Big institutions are chasing an exposure to this new breed of prime assets. Rather than massive facilities on city outskirts, infill facilities can hit customers in just 30 minutes as e-commerce operators demand more timeliness. Some landlords are also selling long-held sites that are ripe for overhaul. At the same time, the new breed of operators are winning investors as they can access dramatically higher rents on new warehouses, while some larger facilities are stuck on lower rents for long periods.
Active players are expanding with Gateway Capital going into due diligence on the Axxess Corporate Park in Melbourne’s southeastern suburbs in a deal worth more than $300m. It is being offloaded by Dexus at a premium to book value, industry players said.
Axxess sits in the heart of Mount Waverley’s hi-tech office and warehouse precinct, and the 19.6ha corporate estate has development options for a new last-mile facility.
Gateway has been hunting for properties, unveiling the $1bn partnership with Cadillac Fairview, which is focused on urban core plus, value add and development assets on the east coast markets.
Cushman & Wakefield is brokering the deal, but the firm and the parties have declined to comment on the deal.
“We continue to see attractive investment opportunities in the urban industrial and logistics markets across the east coast of Australia, particularly for groups who are focused on creating core assets through active management and development,” Gateway Capital chief executive Stuart Dawes said.
He did not comment on investing but noted there was also strong demand from traditional industrial and logistics users.
Others are also active.

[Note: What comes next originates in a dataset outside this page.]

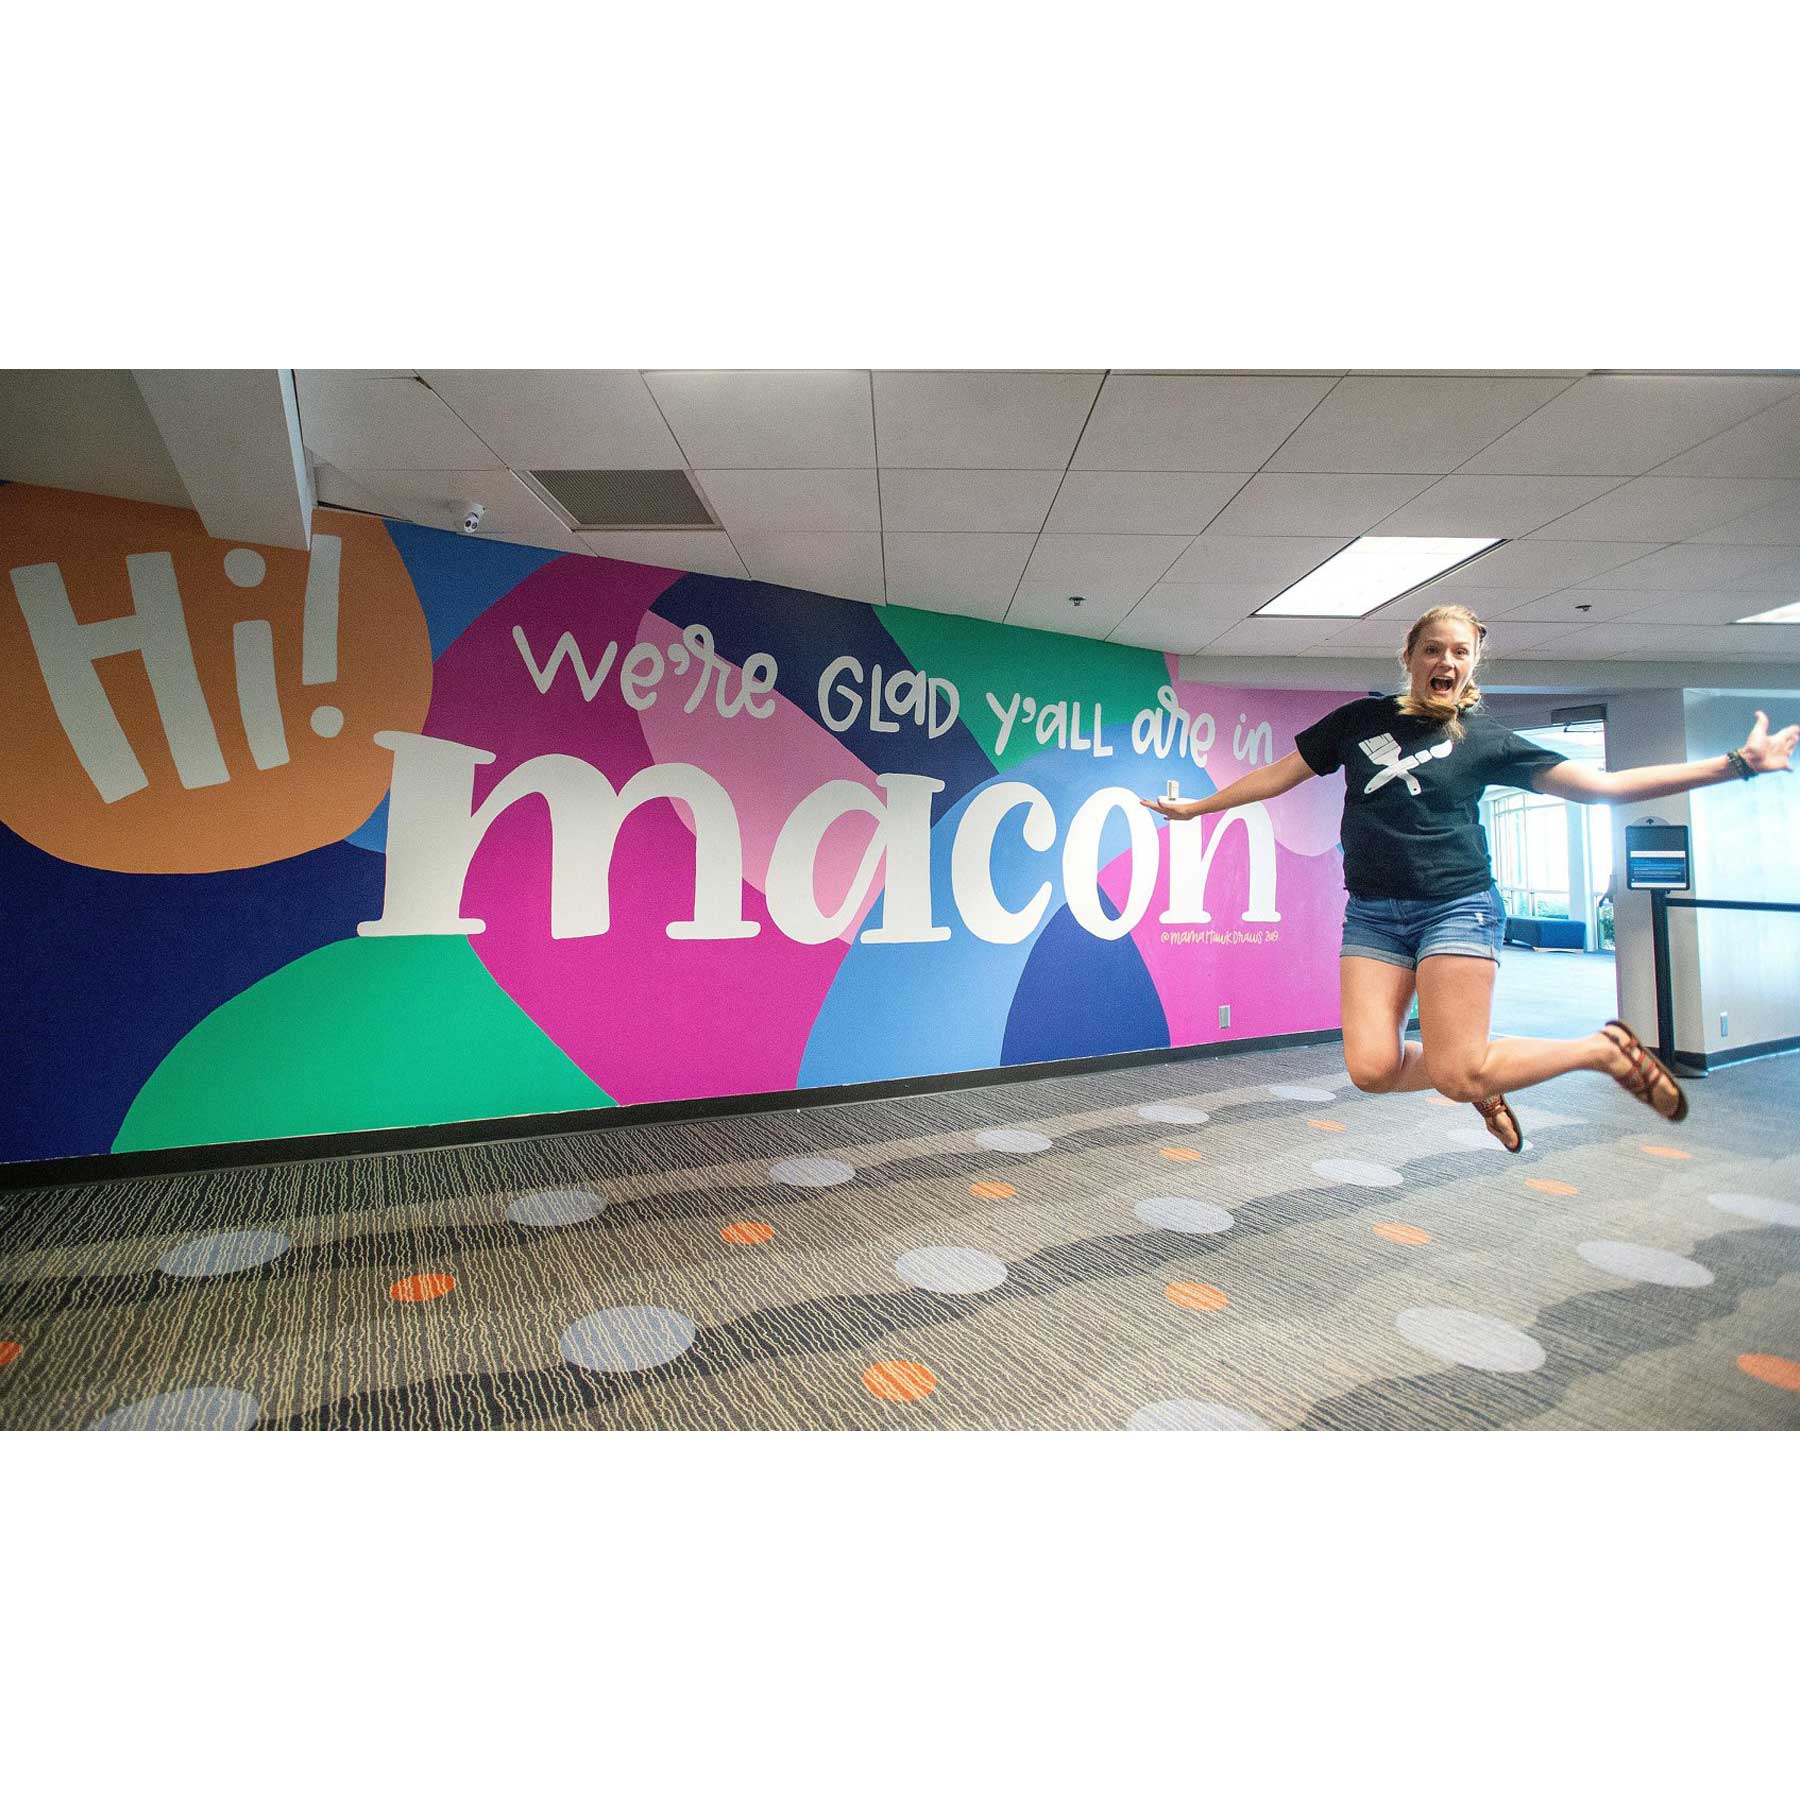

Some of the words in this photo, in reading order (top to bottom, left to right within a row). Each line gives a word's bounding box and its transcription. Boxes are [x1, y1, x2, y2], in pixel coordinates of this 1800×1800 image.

Urban Logistics Co, jointly invested in by Wentworth Capital, and BlackRock Alternatives is building a portfolio of urban infill industrial property in last-mile locations in major capitals.
It has a last-mile logistics portfolio with assets and a development pipeline valued at more than $1bn, which it is aiming to double over the next five years via targeted acquisitions and new projects.
And HMC Capital is already active with its Last Mile Logistics Fund. It is targeting a first close equity raising of $500m, giving it up to $1bn of firepower for acquisitions.
It seeded its fund by picking up Menai Marketplace in Sydney for $150m and is already backed by supermarket giant Woolworths and the listed HomeCo Daily Needs REIT.
The race for first place in the delivery wars has only just begun.